**GIVEN ENTRIES**:
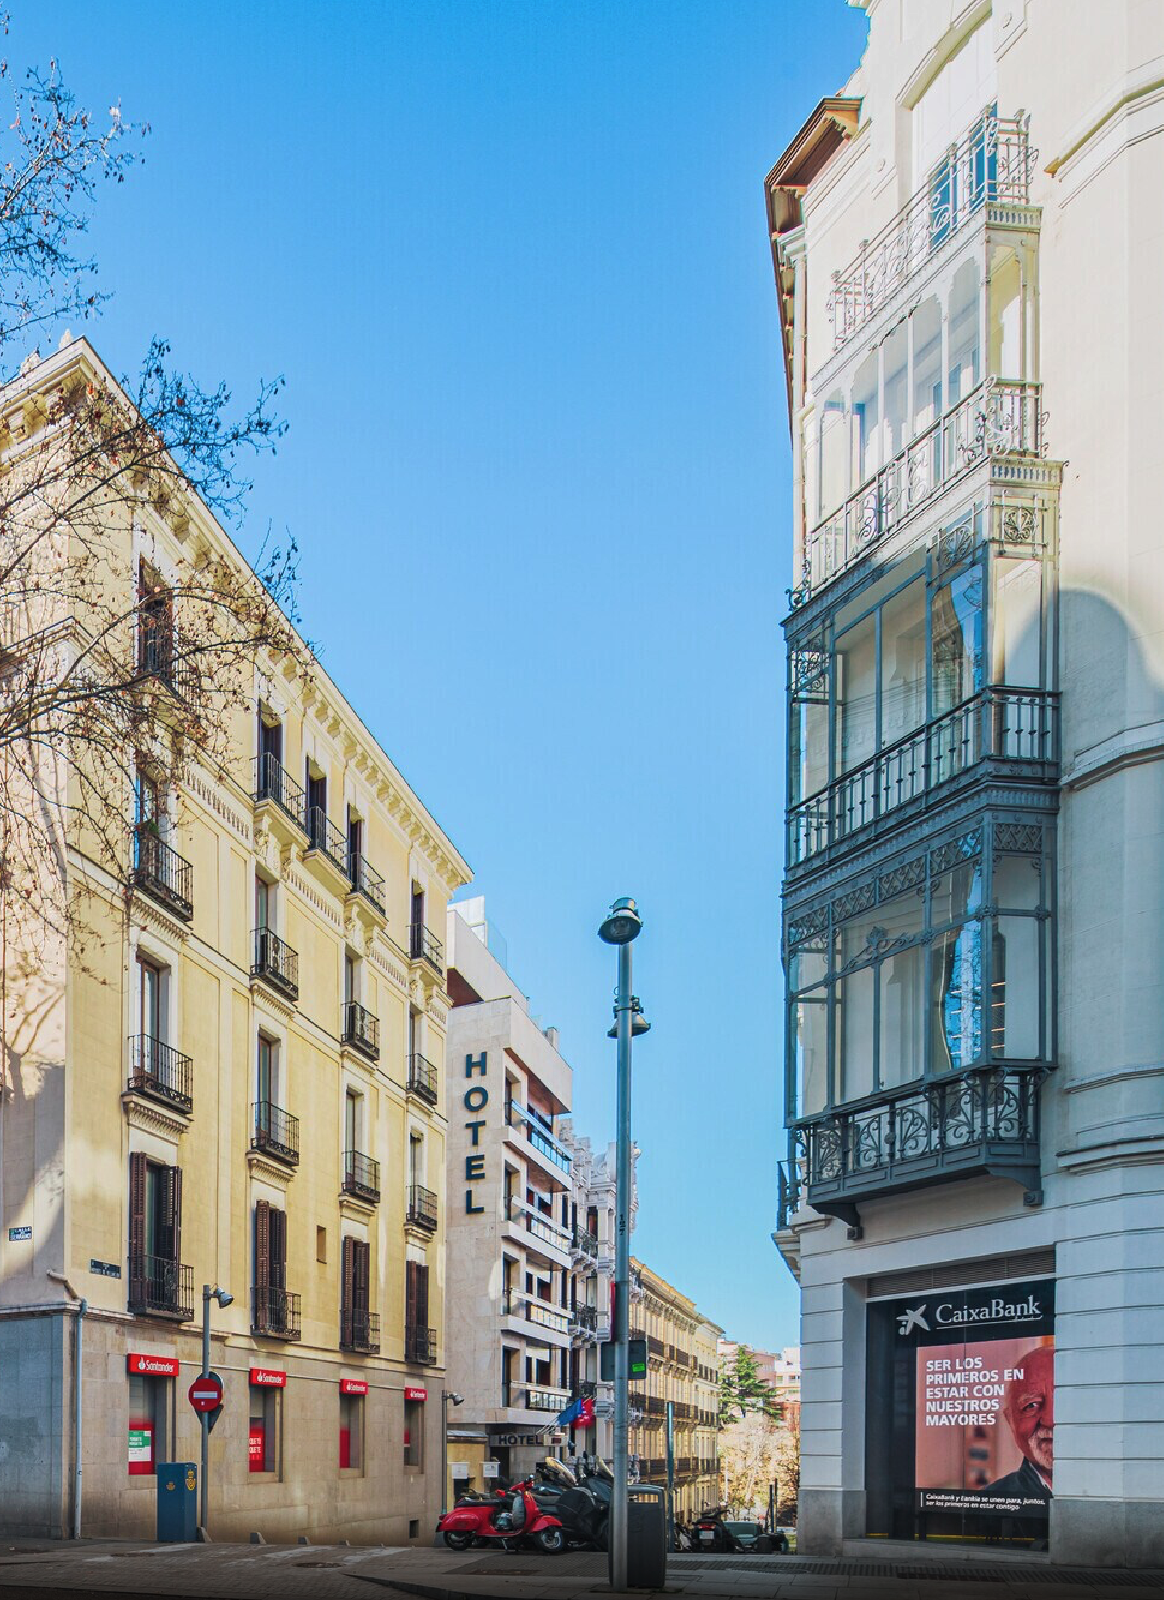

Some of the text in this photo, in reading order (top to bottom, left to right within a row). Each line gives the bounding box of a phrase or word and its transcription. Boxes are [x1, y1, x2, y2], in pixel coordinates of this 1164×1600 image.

[464, 1051, 489, 1215] HOTEL
[936, 1294, 1042, 1323] CaixaBank
[146, 1360, 174, 1372] Santander
[926, 1357, 982, 1371] SER LOS
[926, 1368, 1024, 1385] PRIMEROS EN
[926, 1384, 1005, 1399] ESTAR CON
[926, 1399, 999, 1412] NUESTROS
[926, 1413, 995, 1426] MAYORES
[498, 1434, 544, 1445] HOTEL
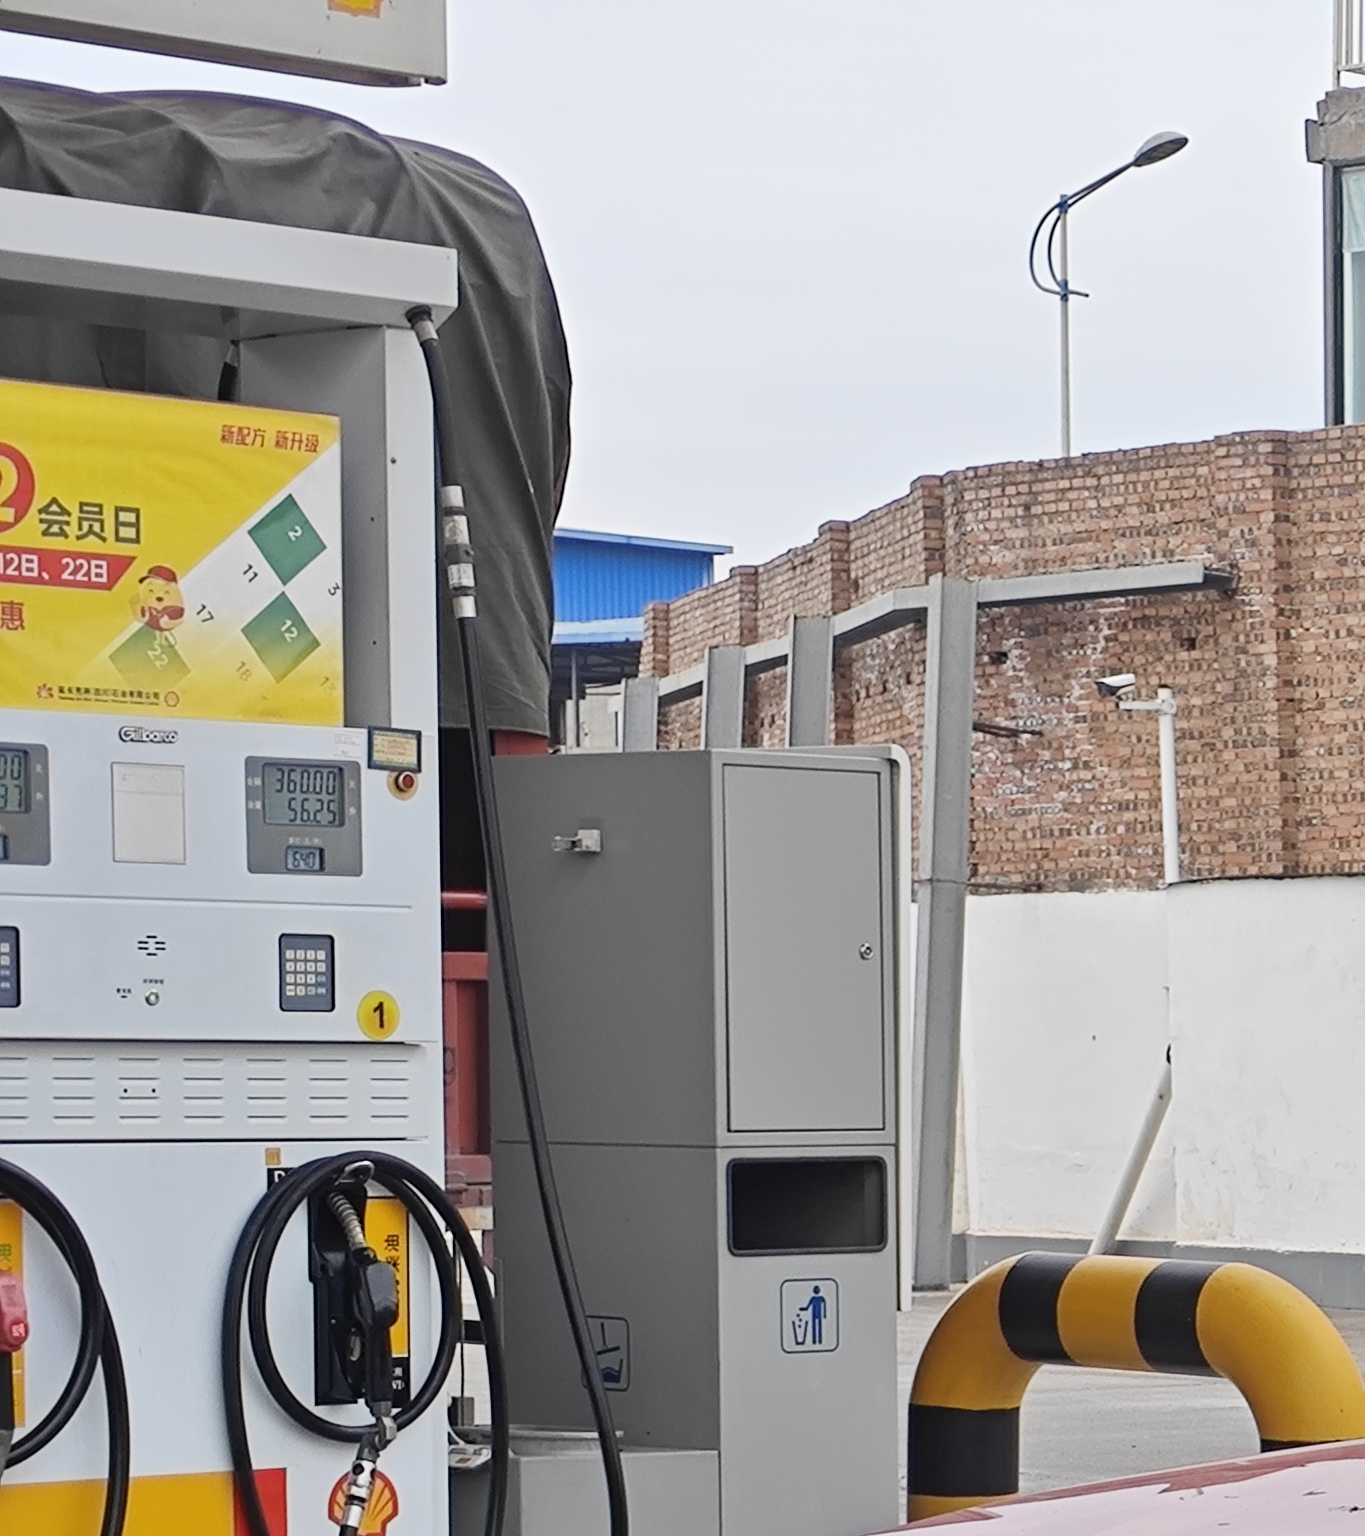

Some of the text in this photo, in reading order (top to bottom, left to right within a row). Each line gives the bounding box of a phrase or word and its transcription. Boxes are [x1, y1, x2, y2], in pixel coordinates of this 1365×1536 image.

[219, 424, 320, 453] 新配方 新升级
[37, 496, 141, 545] 会员日
[287, 525, 303, 542] 2
[242, 563, 259, 584] 11
[327, 582, 341, 597] 3
[0, 600, 26, 632] 惠
[195, 603, 215, 624] 17
[280, 618, 299, 644] 12
[146, 643, 170, 670] 22
[274, 767, 337, 797] 360.00
[287, 797, 337, 825] 56.25
[372, 1000, 385, 1029] 1

**PROBLEM STATEMENT**:
The entries above are to be repeated exactly, except for any pictures.

**RESULT**:
Some of the text in this photo, in reading order (top to bottom, left to right within a row). Each line gives the bounding box of a phrase or word and its transcription. Boxes are [x1, y1, x2, y2], in pixel coordinates of this 1164×1600 image.

[464, 1051, 489, 1215] HOTEL
[936, 1294, 1042, 1323] CaixaBank
[146, 1360, 174, 1372] Santander
[926, 1357, 982, 1371] SER LOS
[926, 1368, 1024, 1385] PRIMEROS EN
[926, 1384, 1005, 1399] ESTAR CON
[926, 1399, 999, 1412] NUESTROS
[926, 1413, 995, 1426] MAYORES
[498, 1434, 544, 1445] HOTEL

Some of the text in this photo, in reading order (top to bottom, left to right within a row). Each line gives the bounding box of a phrase or word and its transcription. Boxes are [x1, y1, x2, y2], in pixel coordinates of this 1365×1536 image.

[219, 424, 320, 453] 新配方 新升级
[37, 496, 141, 545] 会员日
[287, 525, 303, 542] 2
[242, 563, 259, 584] 11
[327, 582, 341, 597] 3
[0, 600, 26, 632] 惠
[195, 603, 215, 624] 17
[280, 618, 299, 644] 12
[146, 643, 170, 670] 22
[274, 767, 337, 797] 360.00
[287, 797, 337, 825] 56.25
[372, 1000, 385, 1029] 1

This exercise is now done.